### TASK ITEM:
Leaving the pictures aside, transcribe the data below exactly.
BEGIN SOURCE RECORDS
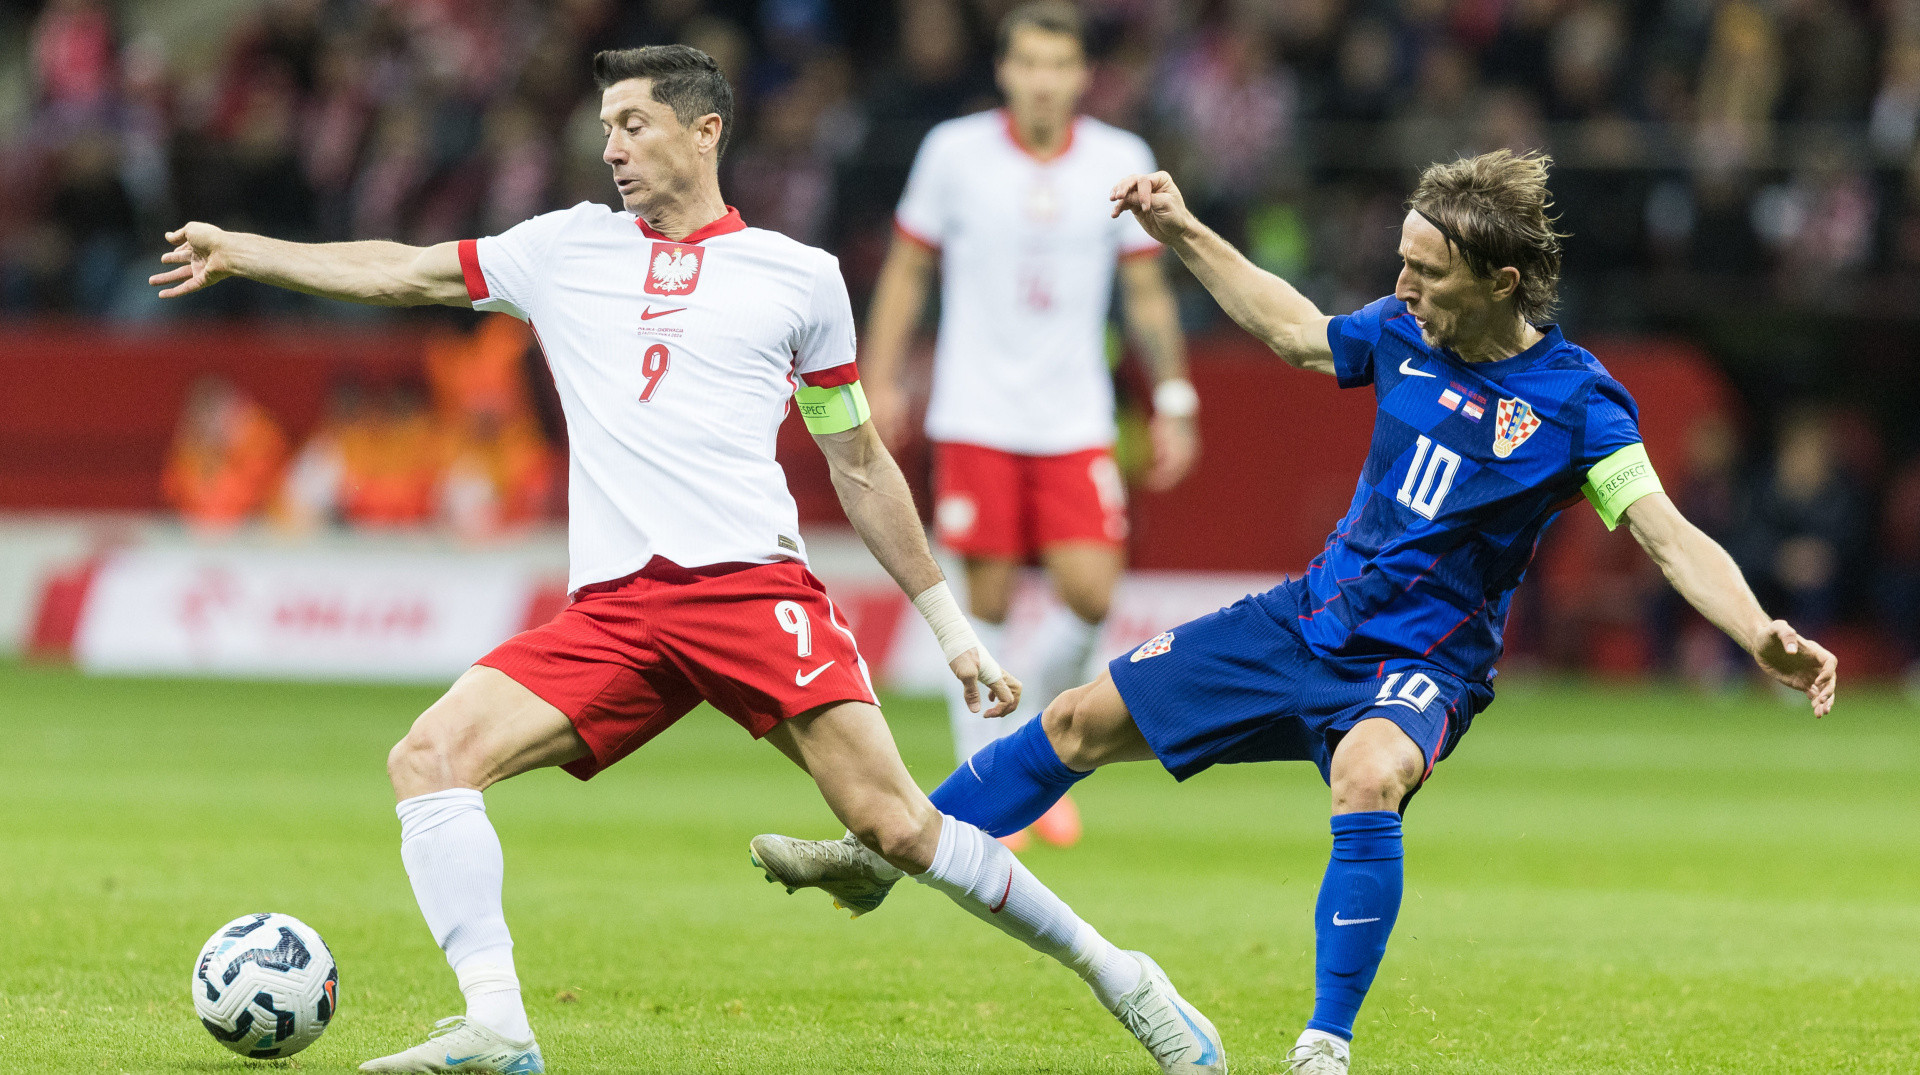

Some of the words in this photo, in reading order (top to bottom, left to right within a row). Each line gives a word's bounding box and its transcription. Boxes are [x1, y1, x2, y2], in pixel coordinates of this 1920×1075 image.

[639, 343, 671, 403] 9
[1396, 433, 1462, 521] 10
[1605, 464, 1646, 494] RESPECT
[774, 600, 812, 657] 9
[1374, 672, 1440, 713] 10
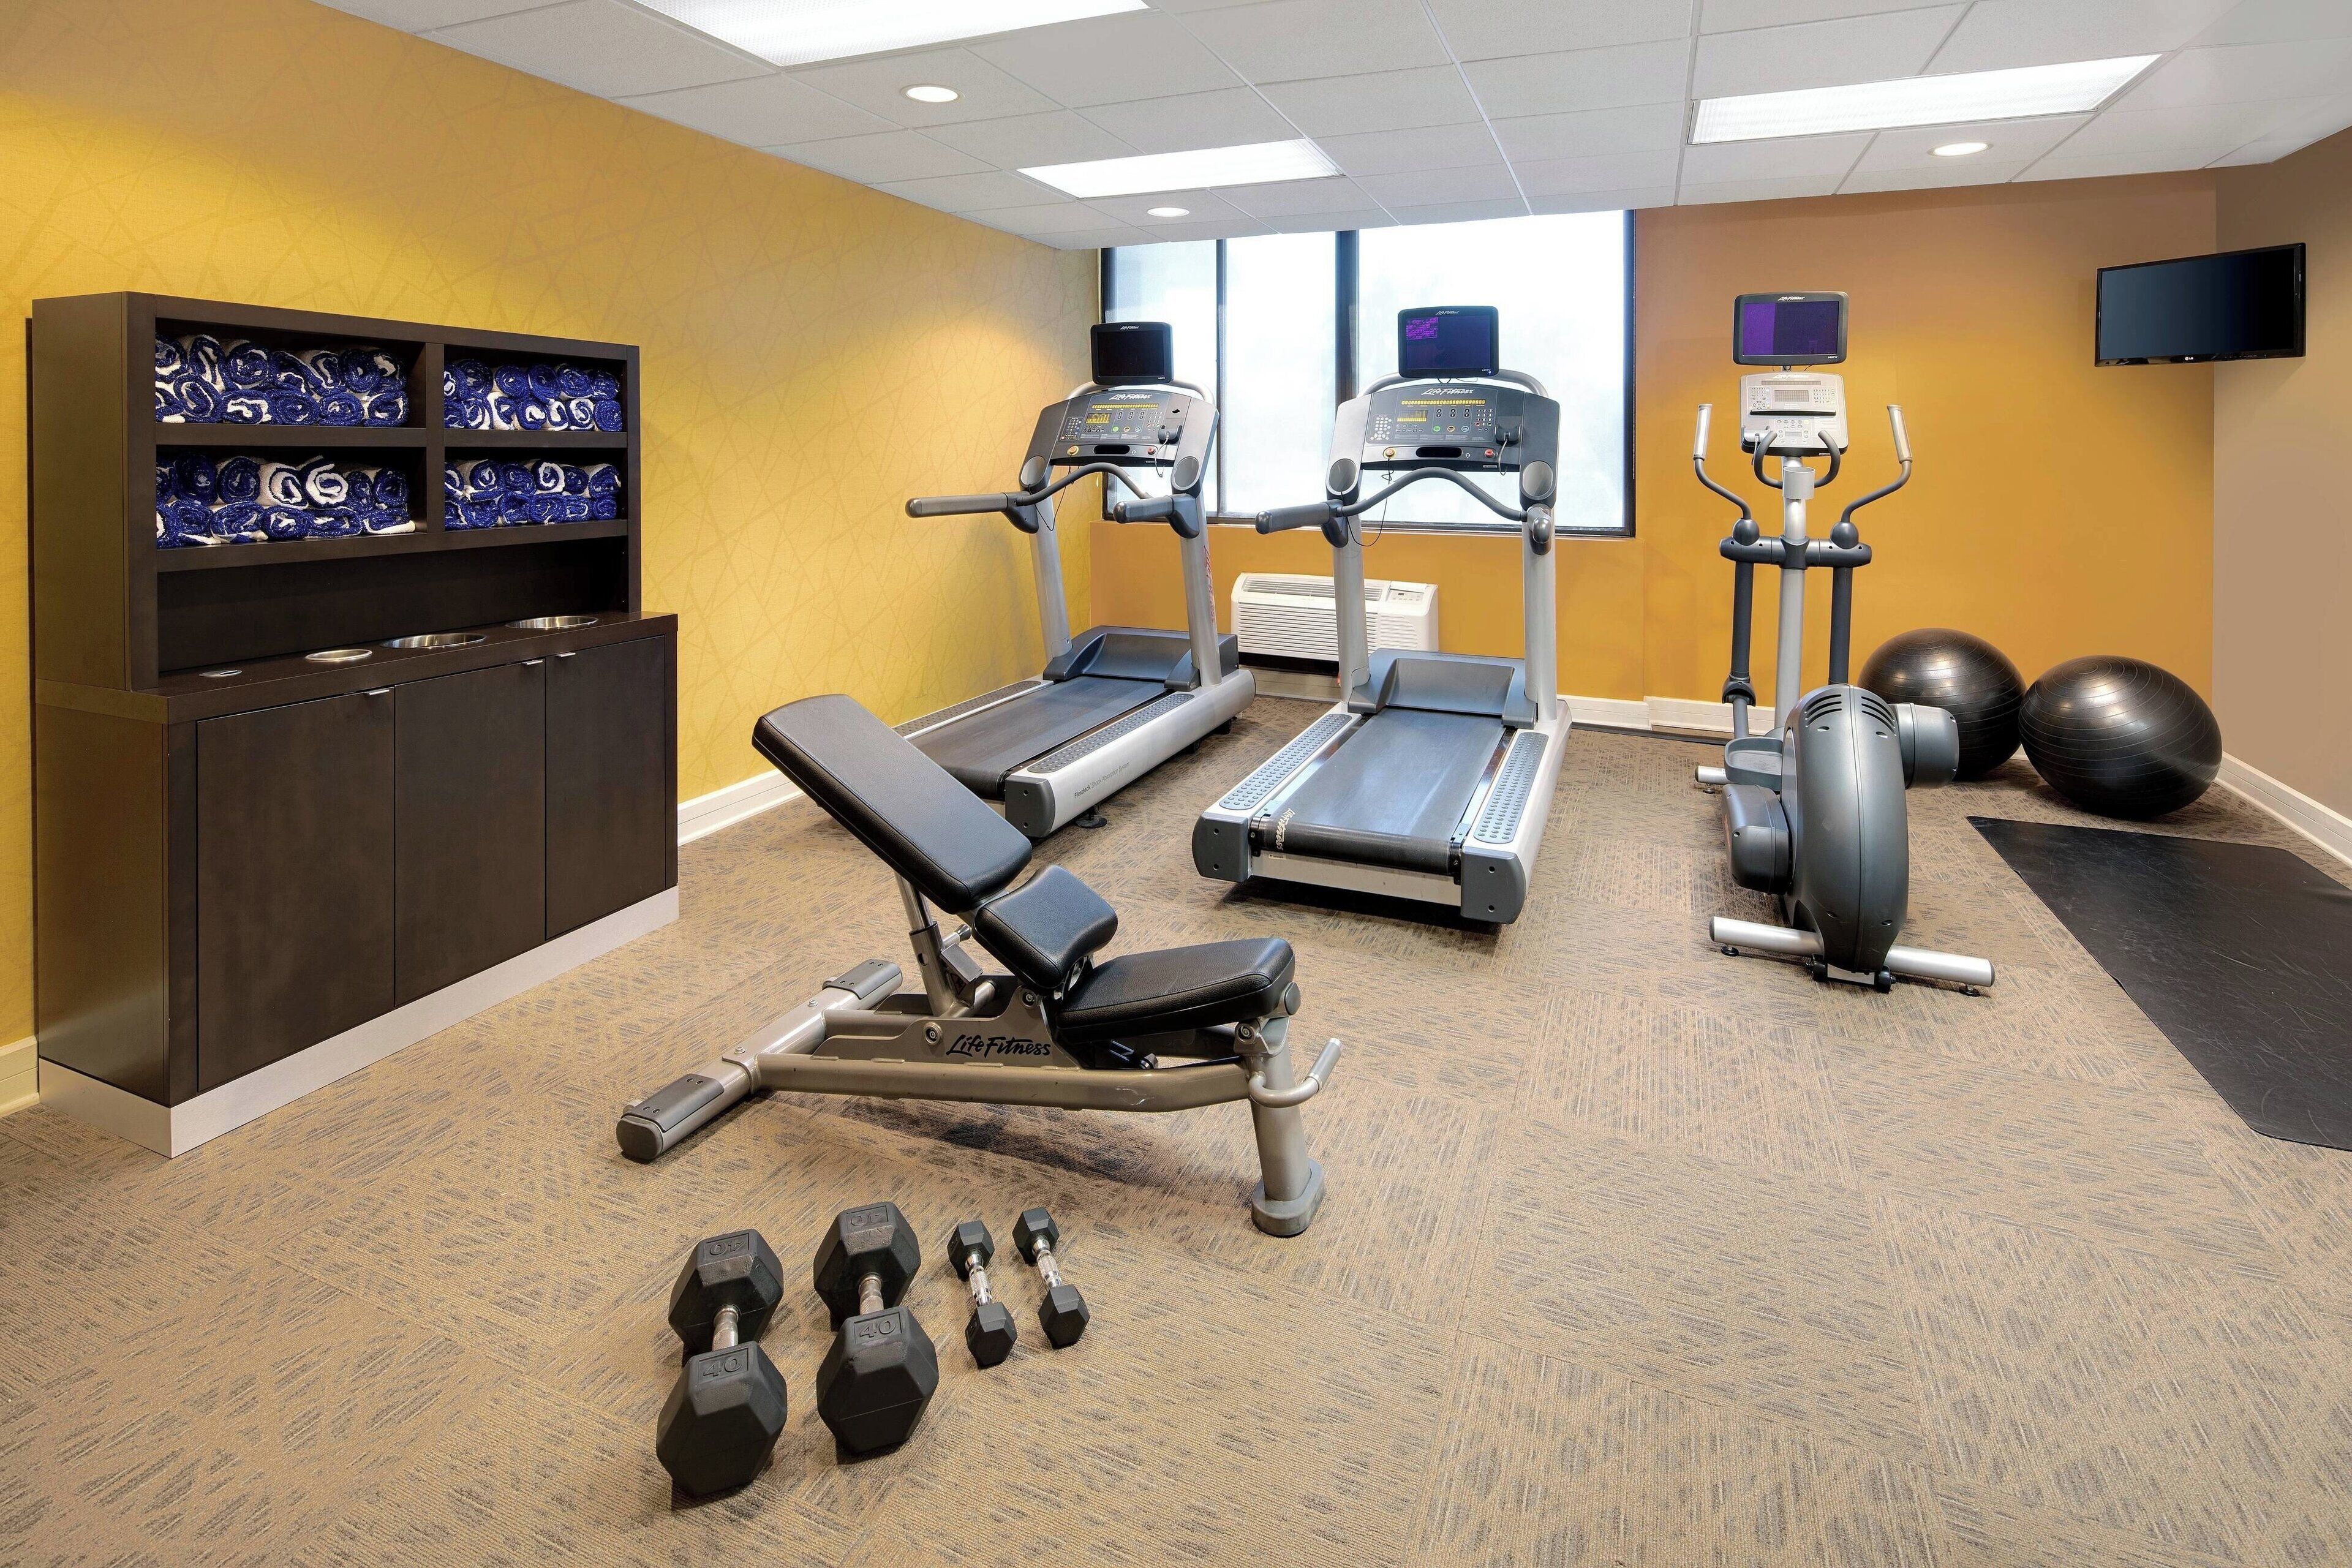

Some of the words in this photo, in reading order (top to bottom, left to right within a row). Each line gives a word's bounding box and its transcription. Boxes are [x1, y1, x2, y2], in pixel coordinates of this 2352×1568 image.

[709, 1240, 745, 1256] 40
[859, 1319, 896, 1338] 40
[703, 1355, 742, 1378] 40
END SOURCE RECORDS
### FINAL ANSWER:
Some of the words in this photo, in reading order (top to bottom, left to right within a row). Each line gives a word's bounding box and its transcription. Boxes are [x1, y1, x2, y2], in pixel coordinates of this 1920×1075 image.

[639, 343, 671, 403] 9
[1396, 433, 1462, 521] 10
[1605, 464, 1646, 494] RESPECT
[774, 600, 812, 657] 9
[1374, 672, 1440, 713] 10

Some of the words in this photo, in reading order (top to bottom, left to right within a row). Each line gives a word's bounding box and its transcription. Boxes are [x1, y1, x2, y2], in pixel coordinates of this 2352×1568 image.

[709, 1240, 745, 1256] 40
[859, 1319, 896, 1338] 40
[703, 1355, 742, 1378] 40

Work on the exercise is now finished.